On social media, Irobunda often fields questions about one of these new options, a lubricating gel called Phexxi. San Diego-based Evofem, the company behind Phexxi, has been advertising the product on Hulu and Instagram after the gel was approved by the Food and Drug Administration in May 2020. The company's trendy ads target women who feel like condoms diminish the mood, but who also don't want to mess with an IUD or hormones.
Here's how it works: Phexxi is inserted via a tampon-like device up to an hour before sex. The gel regulates vaginal pH — essentially, the acidity levels — in a range that's inhospitable to sperm. It sounds a lot like spermicide, which is also placed in the vagina prior to sex to prevent pregnancy. But spermicide can damage the vagina's cell walls, which can increase the risk of contracting sexually transmitted diseases.

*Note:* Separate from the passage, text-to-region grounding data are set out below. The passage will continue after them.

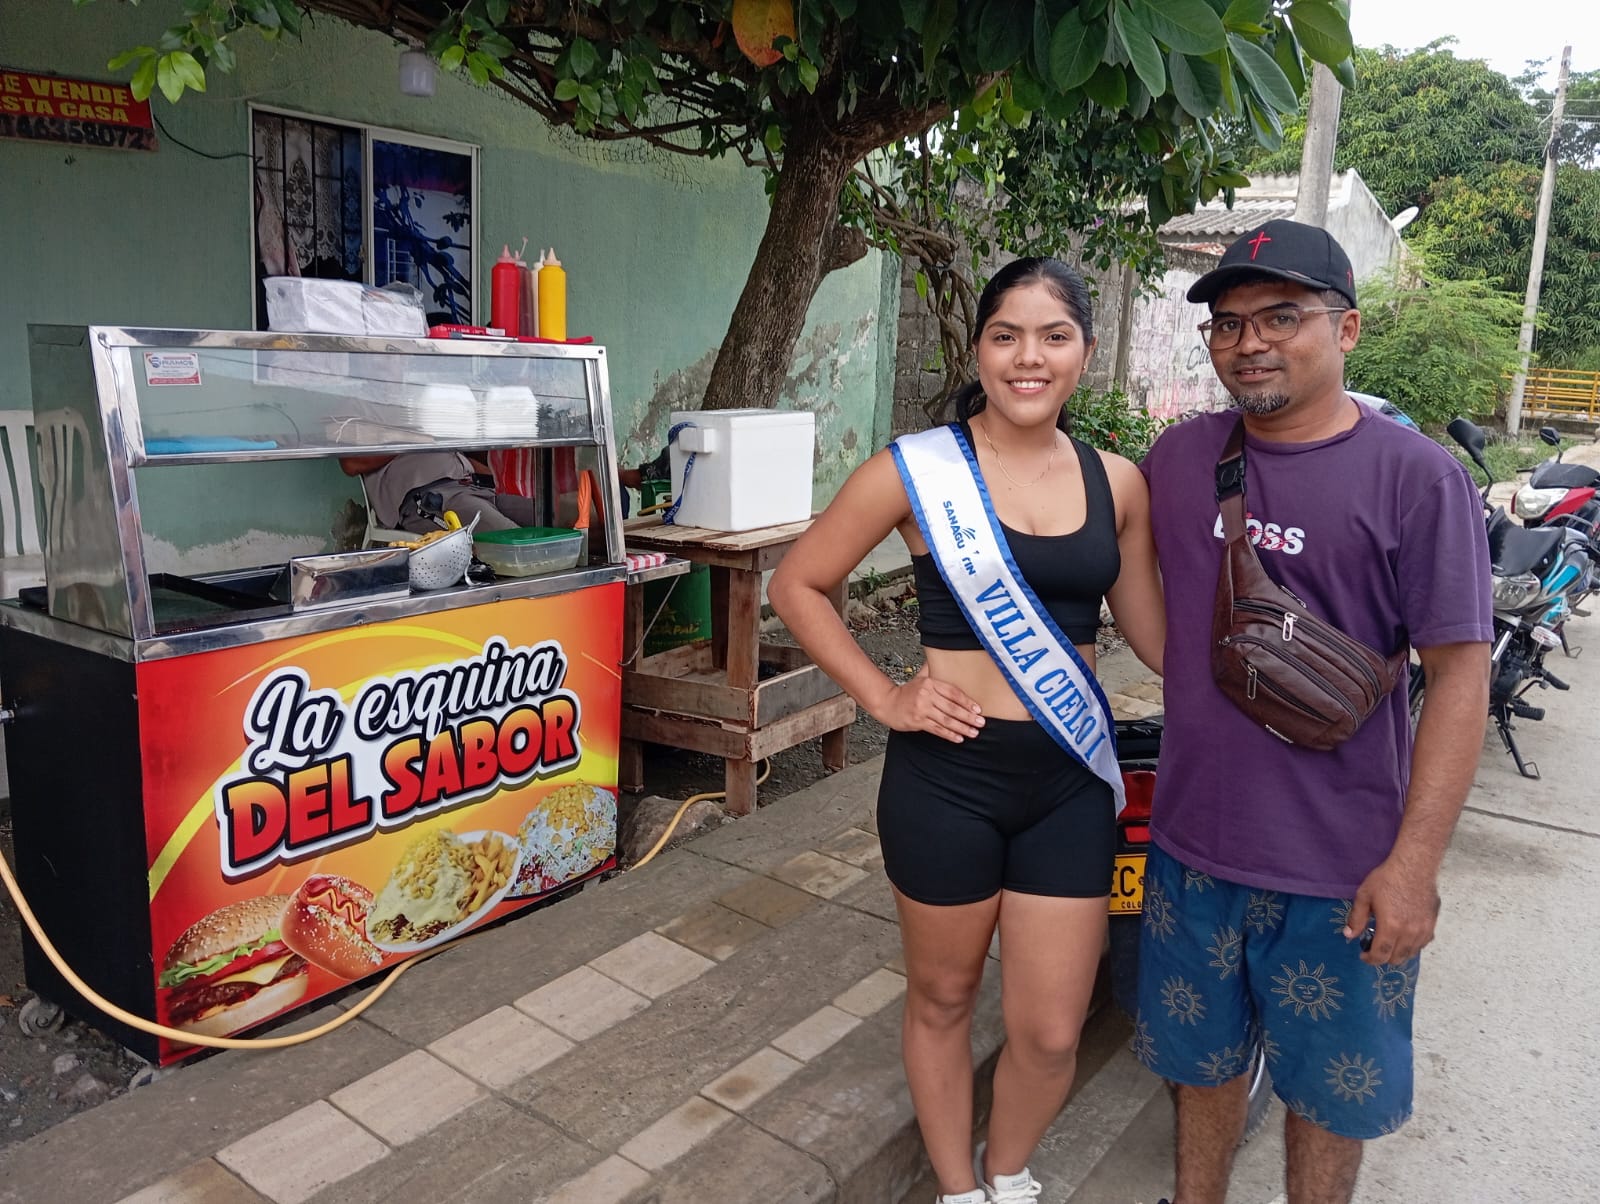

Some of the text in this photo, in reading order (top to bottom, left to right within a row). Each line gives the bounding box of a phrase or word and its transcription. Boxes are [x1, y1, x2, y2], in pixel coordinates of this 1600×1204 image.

[0, 73, 130, 107] E VENDE
[0, 95, 130, 123] STA CASA
[253, 641, 563, 770] La esquina
[975, 578, 1050, 674] VILLA
[1034, 668, 1100, 746] CIELO
[226, 699, 575, 863] DEL SABOR
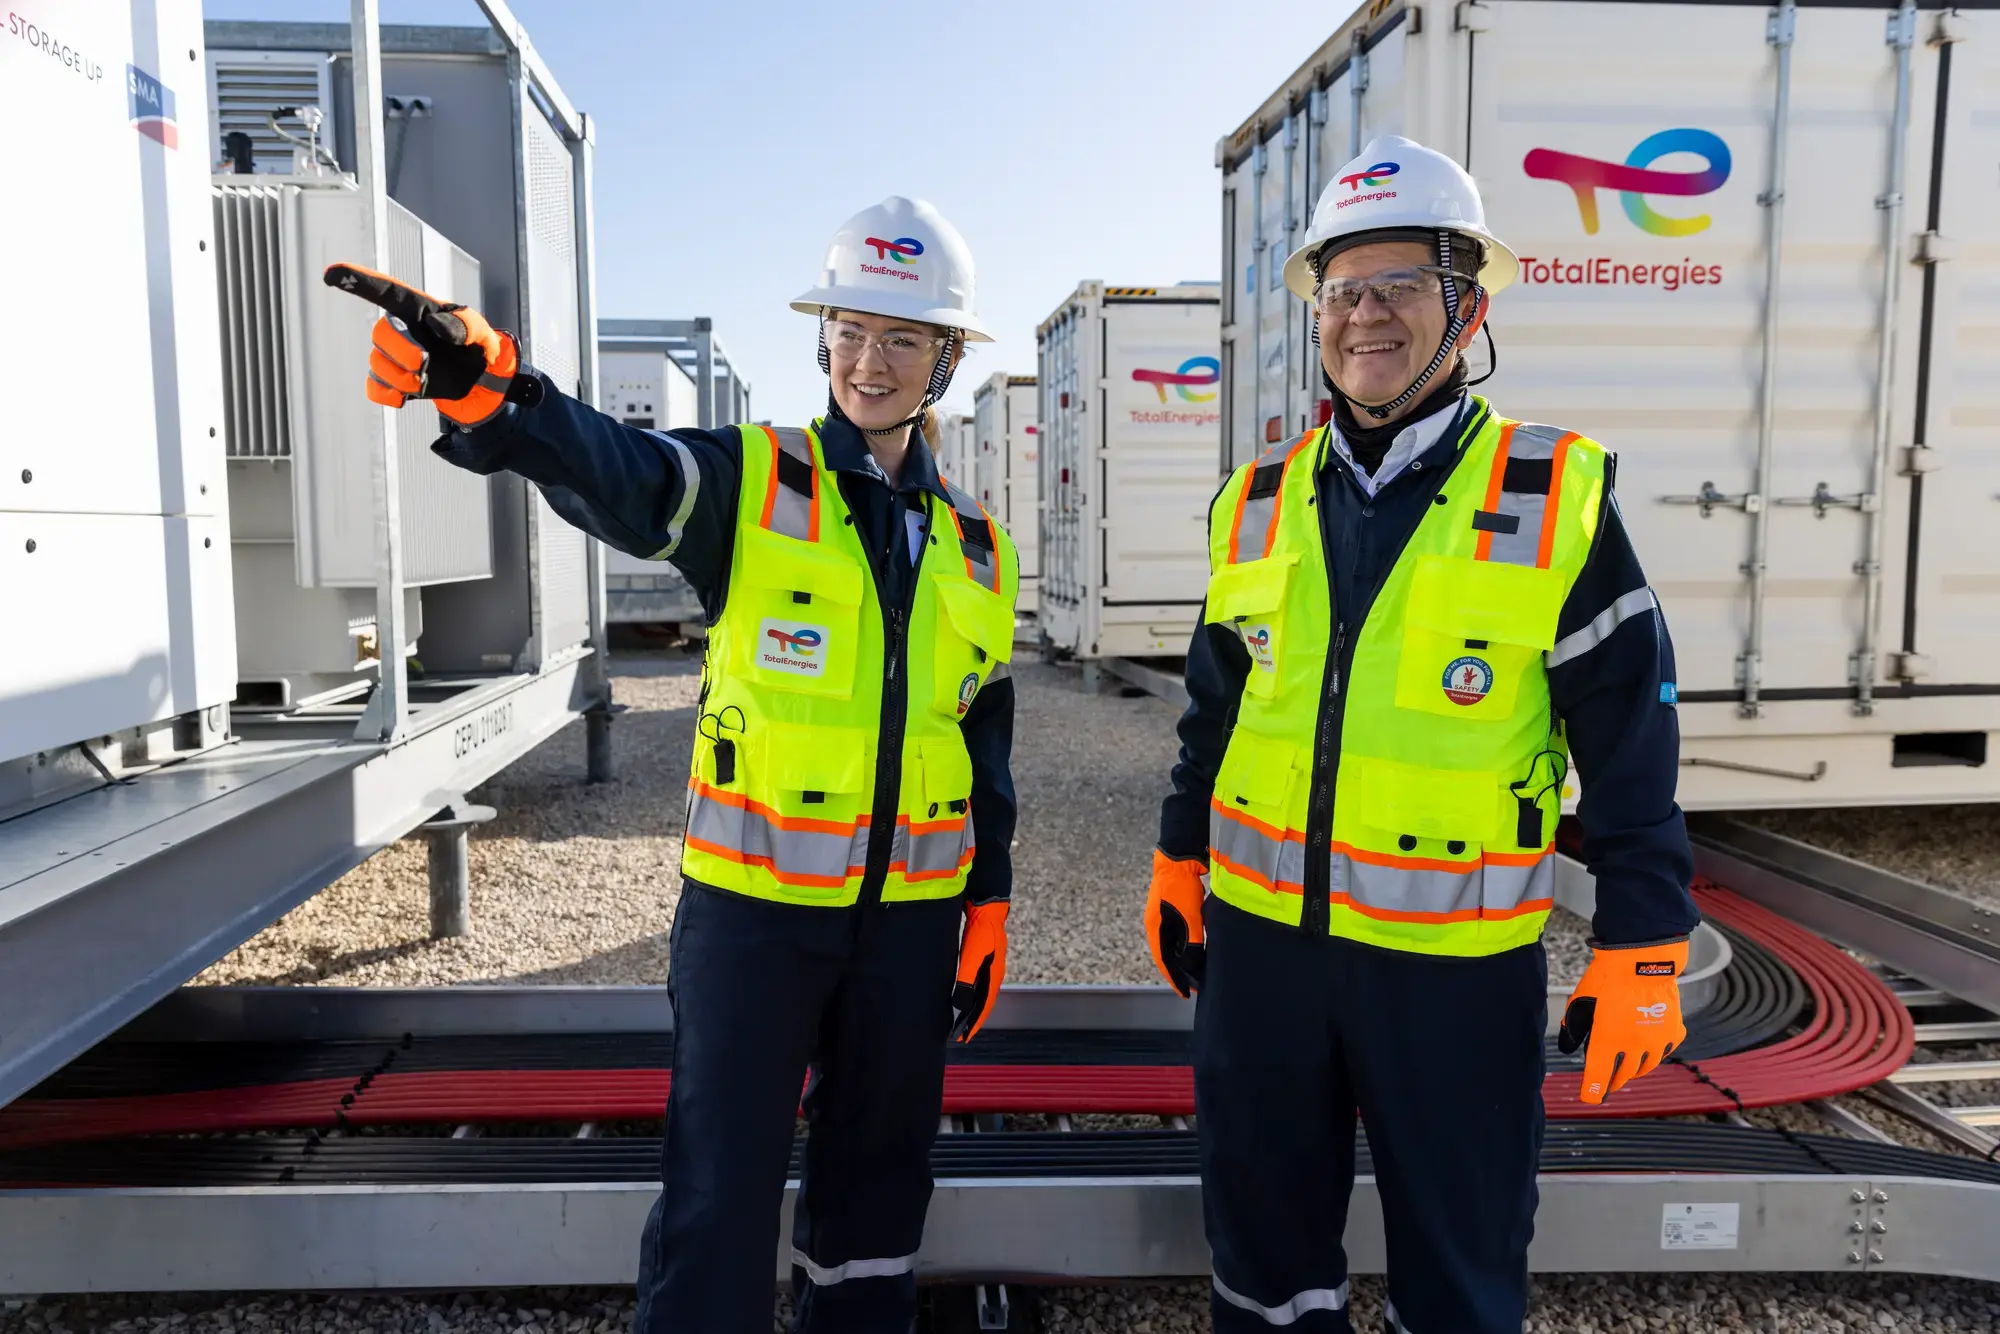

"Not only is innovation needed, but women want a non-hormonal option."
Phexxi isn't without side effects either. The most common one is vaginal burning, according to a late-stage trial. It's also possible to develop a urinary tract infection while using the product. That same study found that during typical use, Phexxi is about 86 percent effective at preventing pregnancy. The efficacy rate is comparable to condoms but lower than birth control pills (91 percent) and significantly lower than an IUD (99 percent).
Phexxi – which comes in a pack of 12 – represents a tiny but growing part of the birth control market. Pharmacies dispensed more than 14,800 packs from April through June this year, a 65 percent increase over the previous quarter, according to data from Evofem.
"We've been able to demonstrate that not only is innovation needed, but women want a non-hormonal option," says Saundra Pelletier, Evofem's CEO.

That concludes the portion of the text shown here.